● **REQUIRED ACTION**
Copy every entry exactly as it stands, though any image it holds should stay out of the copy.

(Collected data entries)
══════════

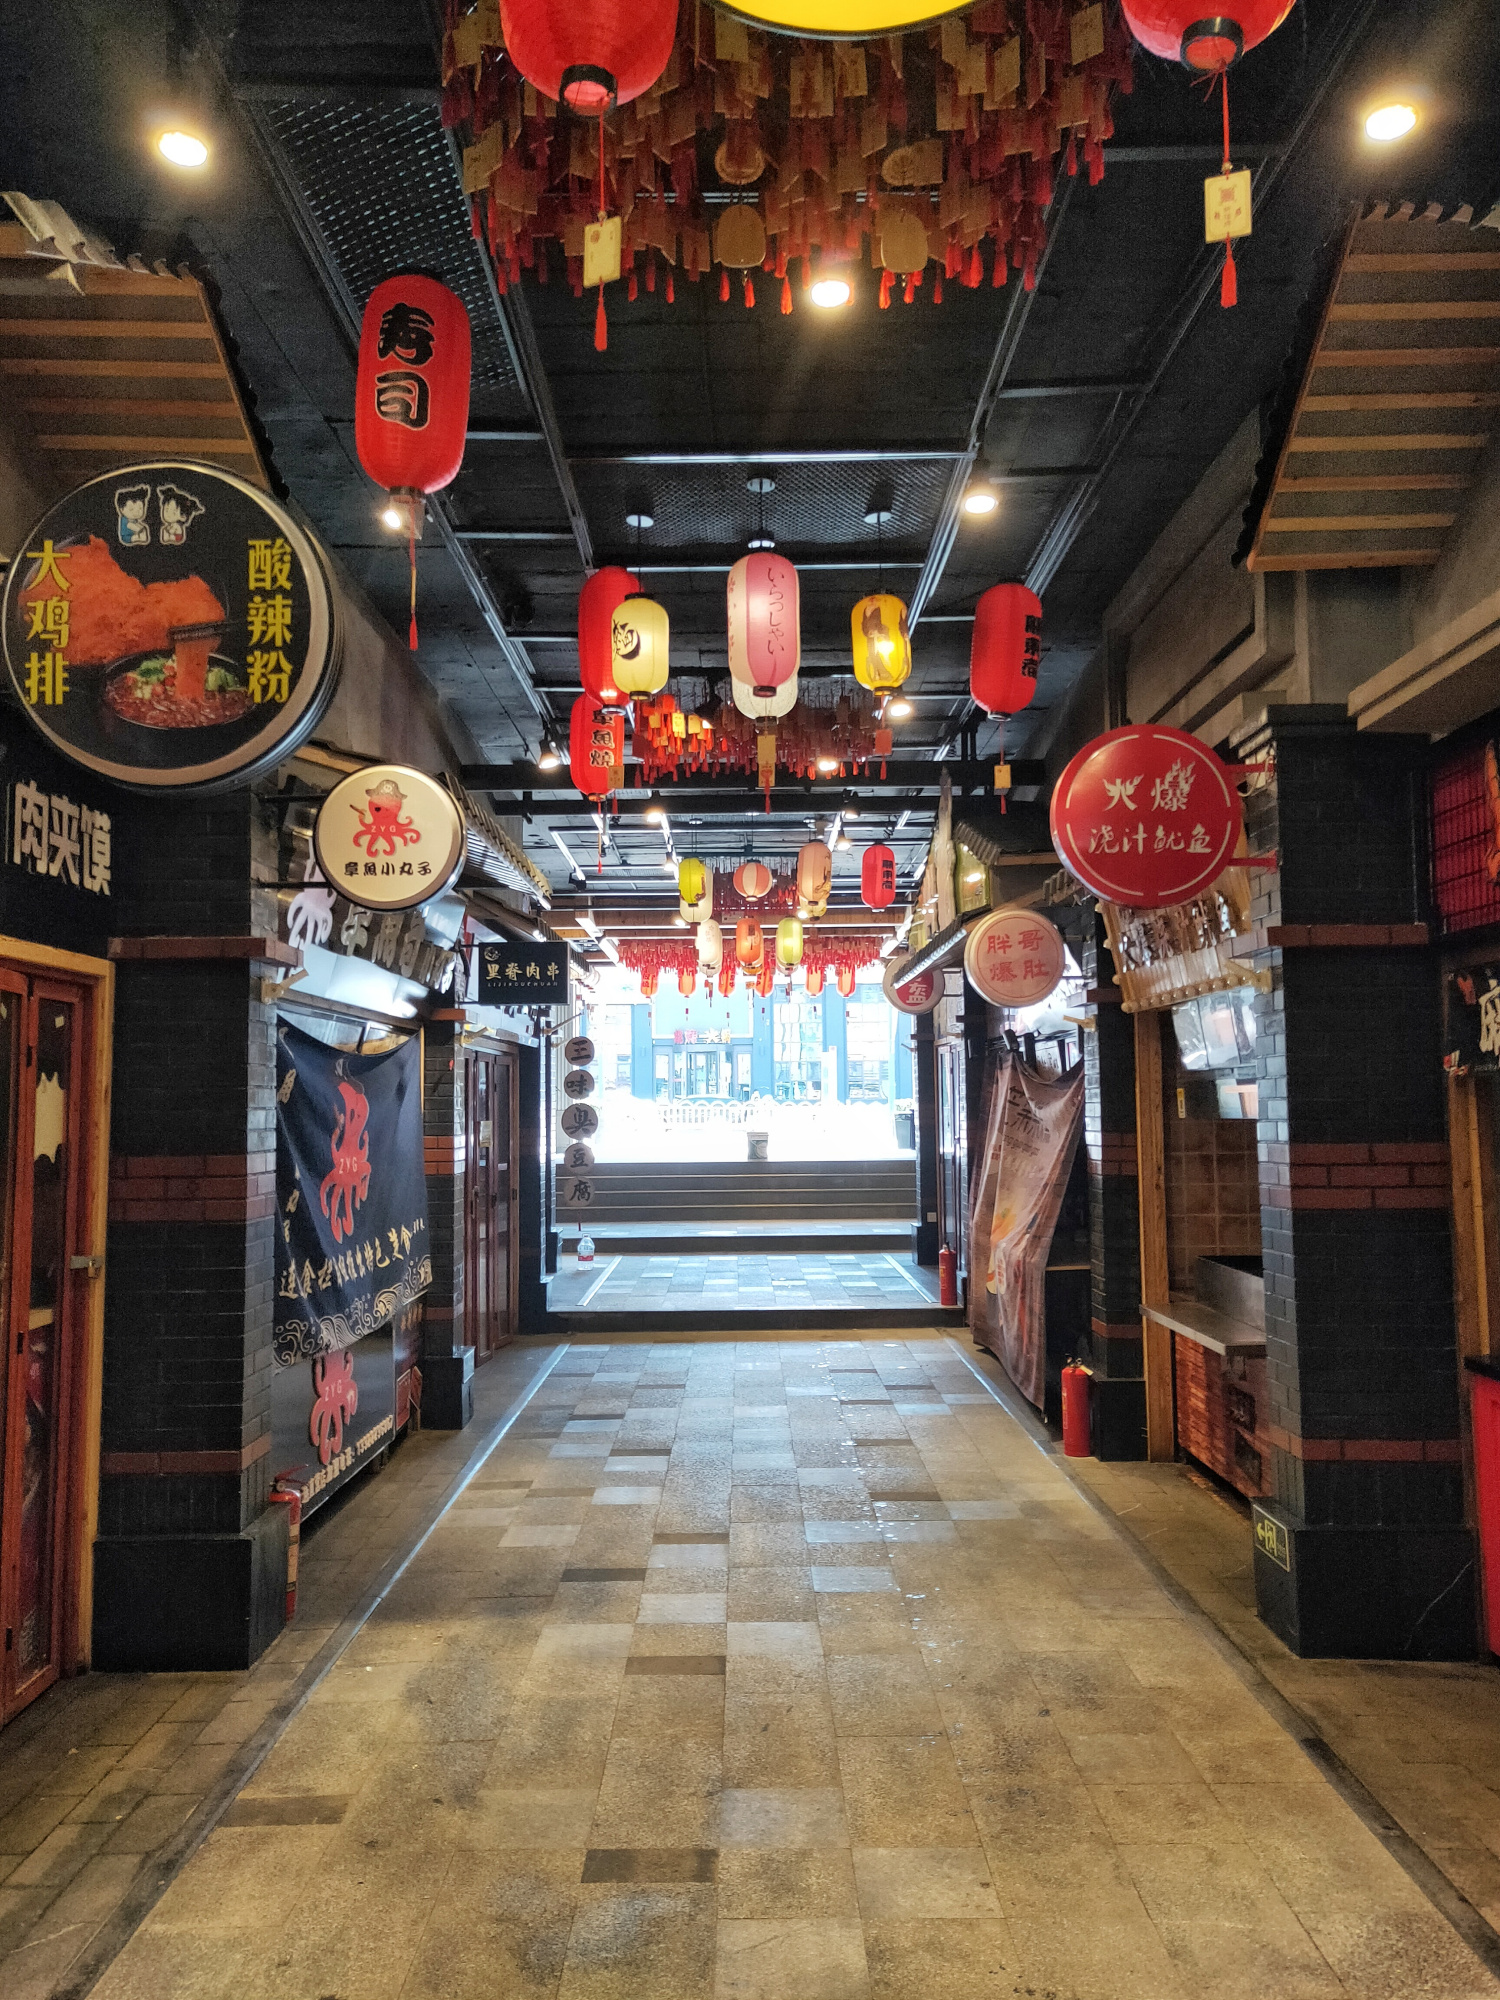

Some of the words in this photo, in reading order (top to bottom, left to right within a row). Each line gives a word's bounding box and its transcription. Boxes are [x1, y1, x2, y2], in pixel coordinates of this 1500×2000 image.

[25, 540, 71, 705] 大鸡排
[247, 538, 293, 704] 酸辣粉
[1103, 758, 1196, 812] 火爆
[13, 779, 112, 896] 肉夹馍
[371, 825, 397, 834] ZYG
[1088, 821, 1212, 855] 浇汁鱿鱼
[986, 929, 1045, 955] 胖哥
[485, 961, 560, 981] 里脊肉串
[989, 958, 1050, 983] 爆肚
[338, 1157, 358, 1175] ZYG
[325, 1379, 342, 1401] ZYG
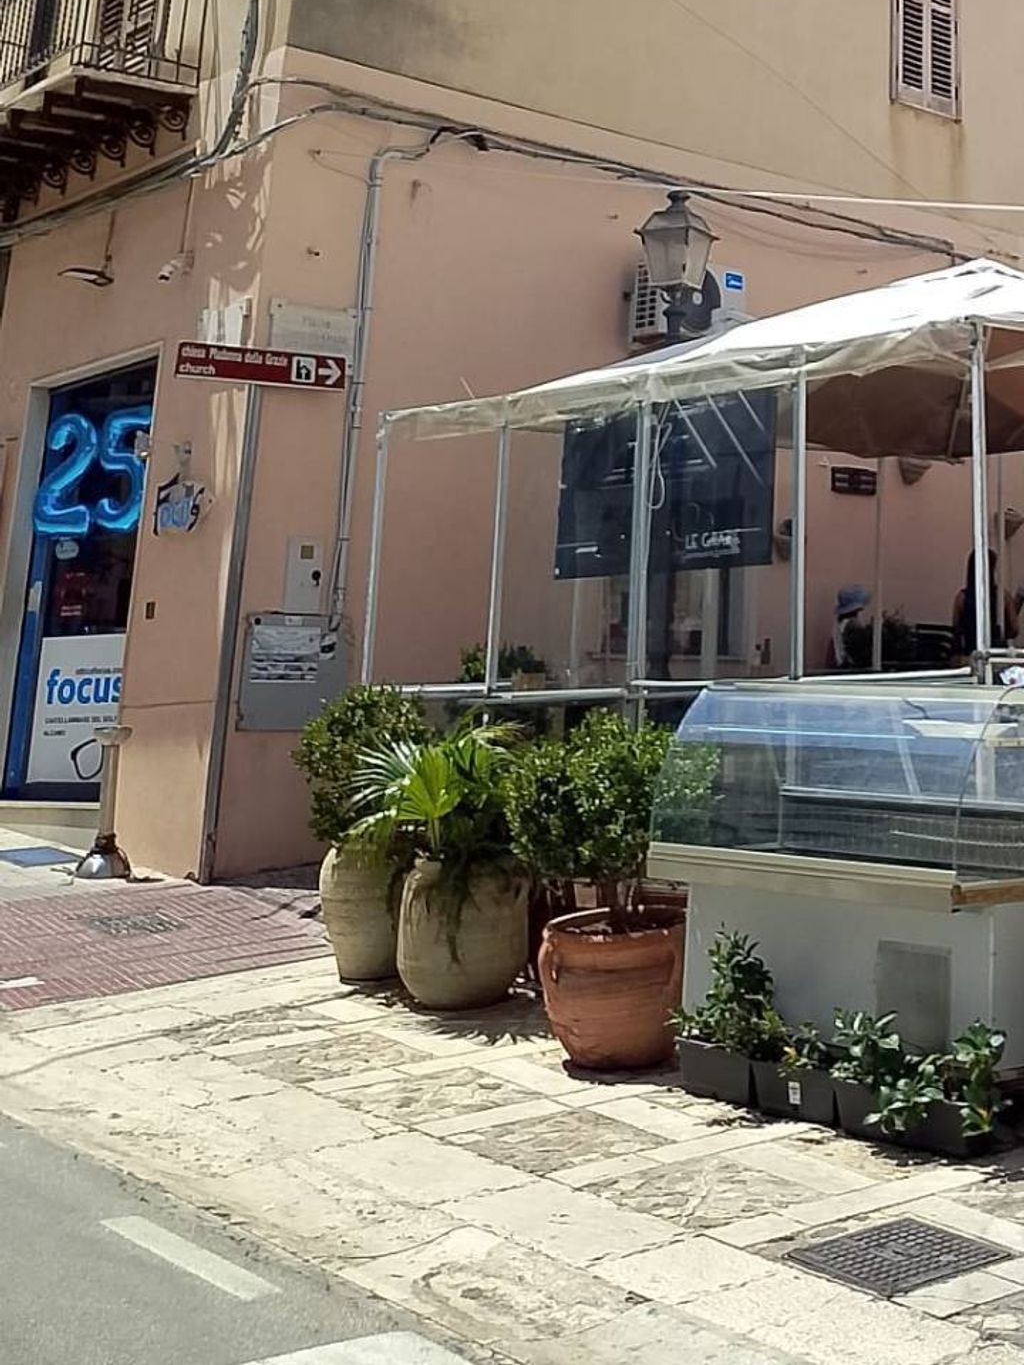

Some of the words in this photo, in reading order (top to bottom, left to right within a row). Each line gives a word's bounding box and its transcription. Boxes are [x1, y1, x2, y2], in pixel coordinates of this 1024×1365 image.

[179, 362, 216, 375] church
[33, 405, 151, 534] 25
[47, 668, 122, 705] focus
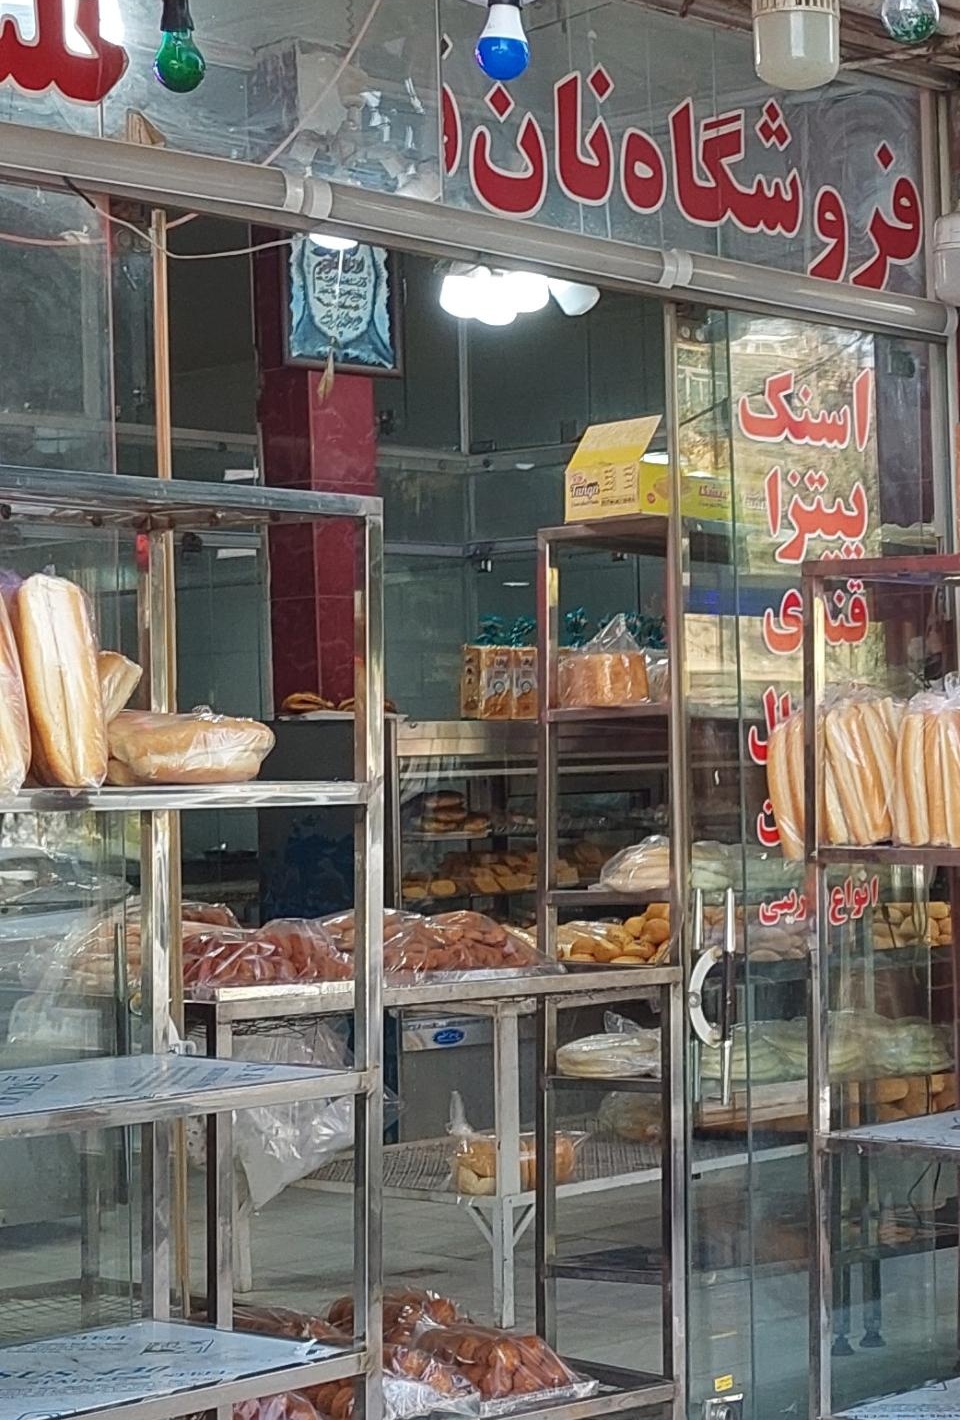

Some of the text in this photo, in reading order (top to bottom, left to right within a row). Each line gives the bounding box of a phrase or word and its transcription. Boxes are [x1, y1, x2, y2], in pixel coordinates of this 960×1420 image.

[469, 60, 616, 221] نان
[620, 95, 925, 291] فروشگاه
[738, 367, 872, 453] اسنک
[765, 465, 868, 564] پیتزا
[763, 578, 869, 655] قنی

══════════

● **ANSWER TO THE PROBLEM**
Some of the words in this photo, in reading order (top to bottom, left to right within a row). Each line gives a word's bounding box and its transcription. Boxes are [x1, y1, x2, y2], in pixel coordinates of this 1500×2000 image.

[25, 540, 71, 705] 大鸡排
[247, 538, 293, 704] 酸辣粉
[1103, 758, 1196, 812] 火爆
[13, 779, 112, 896] 肉夹馍
[371, 825, 397, 834] ZYG
[1088, 821, 1212, 855] 浇汁鱿鱼
[986, 929, 1045, 955] 胖哥
[485, 961, 560, 981] 里脊肉串
[989, 958, 1050, 983] 爆肚
[338, 1157, 358, 1175] ZYG
[325, 1379, 342, 1401] ZYG

Some of the words in this photo, in reading order (top to bottom, left to right within a row). Each line gives a word's bounding box and its transcription. Boxes are [x1, y1, x2, y2], in pixel coordinates of this 1024×1365 image.

[179, 362, 216, 375] church
[33, 405, 151, 534] 25
[47, 668, 122, 705] focus

Some of the text in this photo, in reading order (top to bottom, left to right within a row). Each line gives the bounding box of a phrase or word and its transcription. Boxes are [x1, y1, x2, y2], in pixel coordinates of this 960×1420 image.

[469, 60, 616, 221] نان
[620, 95, 925, 291] فروشگاه
[738, 367, 872, 453] اسنک
[765, 465, 868, 564] پیتزا
[763, 578, 869, 655] قنی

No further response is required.